Gli aumenti più significativi si registrano per quanto concerne i materiali di coltivazione che impongono un esborso di circa 6-7.000 euro/ha, con una crescita media che parte dal 12% circa per Abate Fétel, per arrivare fino al 60% circa nel caso del pesco (grafico 1).
Notevole è anche l’incremento dei costi per l’ammortamento degli impianti (per le specie arboree) e per gli oneri assicurativi.
I costi indiretti di coltivazione includono diverse voci di spesa; fra queste spiccano soprattutto i costi fissi della meccanizzazione. Incrementi variabili e fino al 20% si rilevano anche per la categoria delle spese varie, ove sono inclusi gli interessi passivi connessi alle spese di impianto e alla meccanizzazione e il costo del terreno.

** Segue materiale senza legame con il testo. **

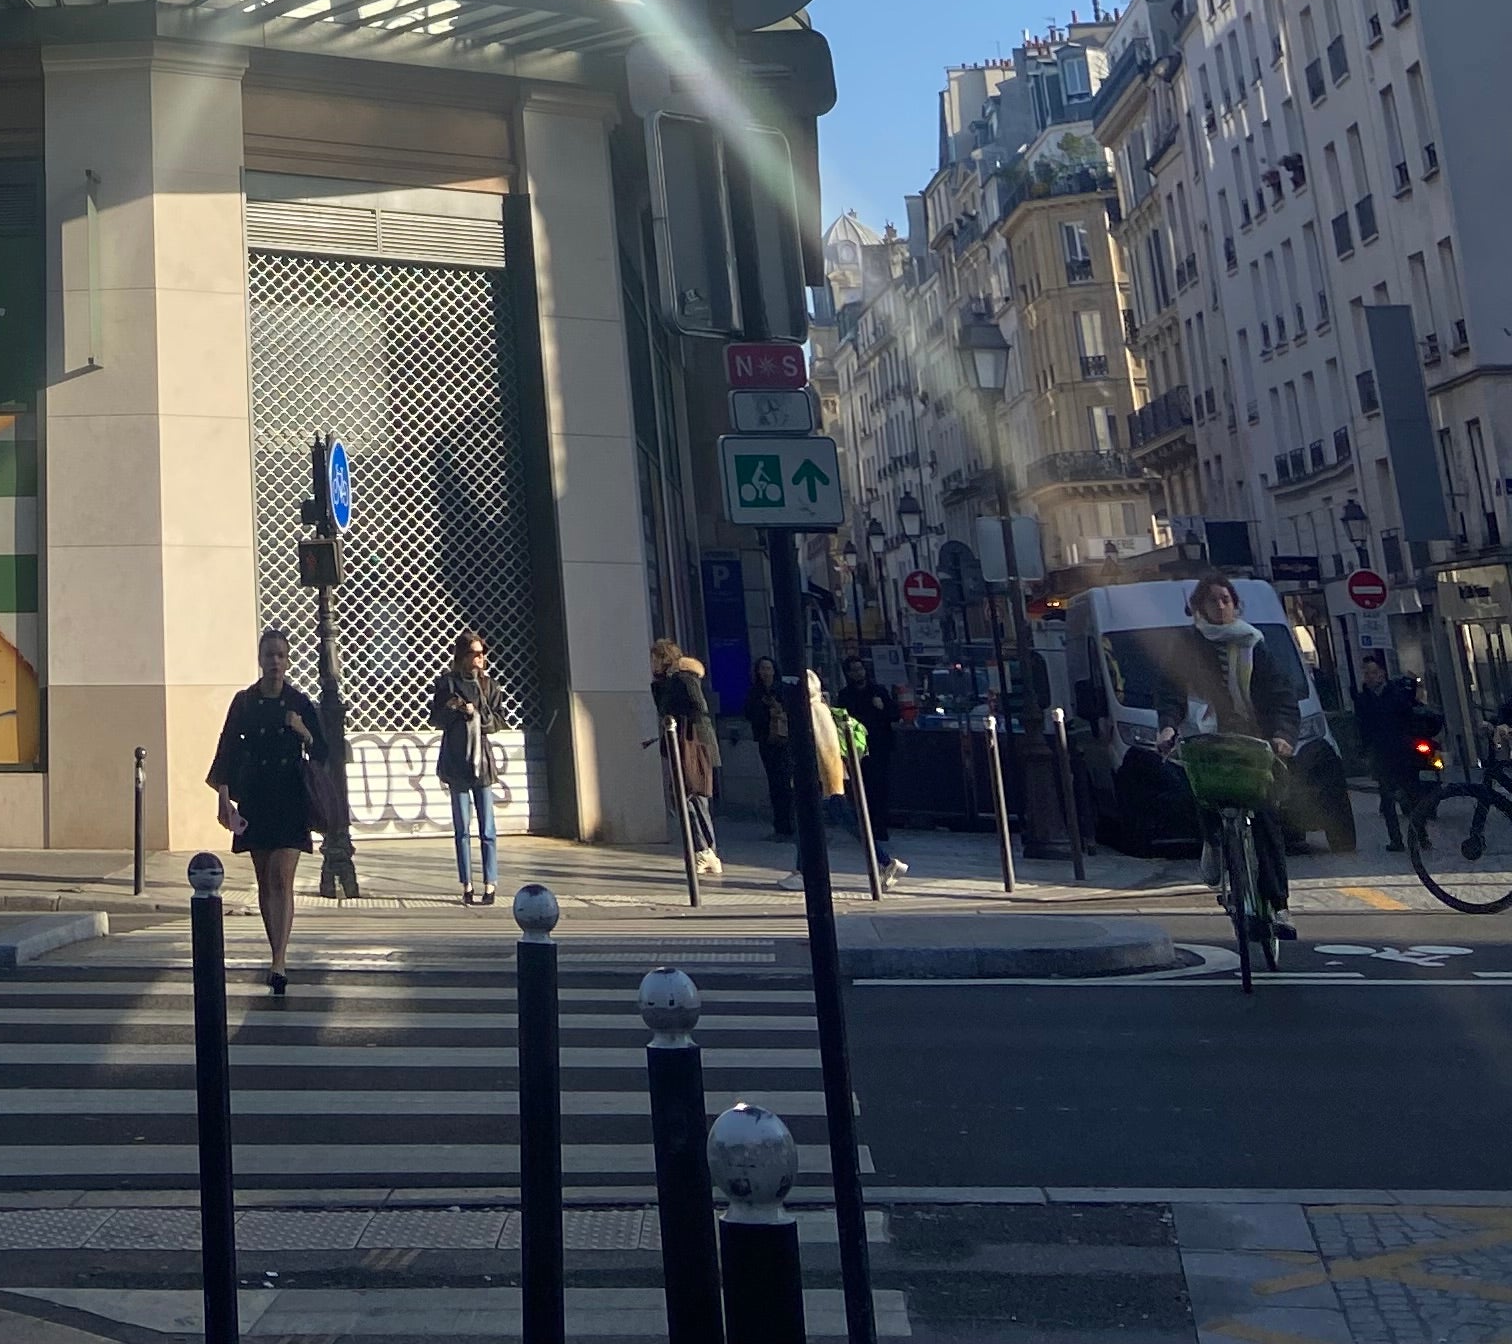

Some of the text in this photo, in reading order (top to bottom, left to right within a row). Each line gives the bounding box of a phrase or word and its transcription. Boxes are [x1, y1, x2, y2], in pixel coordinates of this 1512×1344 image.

Infine, l’unica macrovoce di spesa rimasta sostanzialmente stabile è quella della manodopera.
Costi per ettaro
In conclusione, coltivare 1 ha con pero o pesco costa attualmente attorno a 20.000 euro/ha, mentre per la patata sono da computare quasi 12.000 euro/ha, valori decisamente più elevati a quelli rilevabili fino a pochi anni fa.
Costi unitari
Ipotizzando rese produttive ordinarie, i costi per ettaro evidenziati in precedenza, danno origine a costi unitari di circa 0,75 euro/kg per il pero, nel caso di Abate Fétel, e 0,51 euro/kg per William, poco meno di 0,57 per una nettarina tardiva e 0,29 euro/kg per la patata.
Regolarizzare la produttività
È evidente, tuttavia, come il tema della regolarizzazione della produttività sia un requisito fondamentale per cogliere le opportunità di mercato, soprattutto nel comparto frutticolo, dove il potenziale produttivo nazionale è tale da giocare un ruolo di rilievo nel mercato europeo.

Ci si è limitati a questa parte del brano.